### Task to carry out
Could you write out all the records once more, exactly?

### Excerpted records
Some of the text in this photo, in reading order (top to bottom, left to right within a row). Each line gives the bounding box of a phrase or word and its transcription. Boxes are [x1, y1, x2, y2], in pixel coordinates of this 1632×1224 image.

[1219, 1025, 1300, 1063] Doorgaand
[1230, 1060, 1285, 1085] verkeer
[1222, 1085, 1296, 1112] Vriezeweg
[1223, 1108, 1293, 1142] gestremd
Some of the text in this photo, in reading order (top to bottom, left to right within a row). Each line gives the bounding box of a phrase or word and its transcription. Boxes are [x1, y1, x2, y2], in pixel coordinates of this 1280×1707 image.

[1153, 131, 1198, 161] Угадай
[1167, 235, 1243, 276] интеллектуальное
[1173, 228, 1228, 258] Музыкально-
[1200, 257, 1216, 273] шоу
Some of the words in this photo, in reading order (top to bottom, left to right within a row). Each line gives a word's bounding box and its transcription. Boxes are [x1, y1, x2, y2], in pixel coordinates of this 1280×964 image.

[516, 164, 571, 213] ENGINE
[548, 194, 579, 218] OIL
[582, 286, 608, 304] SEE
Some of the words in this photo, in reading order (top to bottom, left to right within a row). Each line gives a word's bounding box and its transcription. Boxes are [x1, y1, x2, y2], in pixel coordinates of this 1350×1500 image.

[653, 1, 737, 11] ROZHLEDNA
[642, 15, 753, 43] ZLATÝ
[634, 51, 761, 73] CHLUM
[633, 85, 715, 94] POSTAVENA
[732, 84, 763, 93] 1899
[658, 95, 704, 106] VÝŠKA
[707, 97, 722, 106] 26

### Written response
Some of the text in this photo, in reading order (top to bottom, left to right within a row). Each line gives the bounding box of a phrase or word and its transcription. Boxes are [x1, y1, x2, y2], in pixel coordinates of this 1632×1224 image.

[1219, 1025, 1300, 1063] Doorgaand
[1230, 1060, 1285, 1085] verkeer
[1222, 1085, 1296, 1112] Vriezeweg
[1223, 1108, 1293, 1142] gestremd
Some of the text in this photo, in reading order (top to bottom, left to right within a row). Each line gives the bounding box of a phrase or word and its transcription. Boxes are [x1, y1, x2, y2], in pixel coordinates of this 1280×1707 image.

[1153, 131, 1198, 161] Угадай
[1167, 235, 1243, 276] интеллектуальное
[1173, 228, 1228, 258] Музыкально-
[1200, 257, 1216, 273] шоу
Some of the words in this photo, in reading order (top to bottom, left to right within a row). Each line gives a word's bounding box and its transcription. Boxes are [x1, y1, x2, y2], in pixel coordinates of this 1280×964 image.

[516, 164, 571, 213] ENGINE
[548, 194, 579, 218] OIL
[582, 286, 608, 304] SEE
Some of the words in this photo, in reading order (top to bottom, left to right within a row). Each line gives a word's bounding box and its transcription. Boxes are [x1, y1, x2, y2], in pixel coordinates of this 1350×1500 image.

[653, 1, 737, 11] ROZHLEDNA
[642, 15, 753, 43] ZLATÝ
[634, 51, 761, 73] CHLUM
[633, 85, 715, 94] POSTAVENA
[732, 84, 763, 93] 1899
[658, 95, 704, 106] VÝŠKA
[707, 97, 722, 106] 26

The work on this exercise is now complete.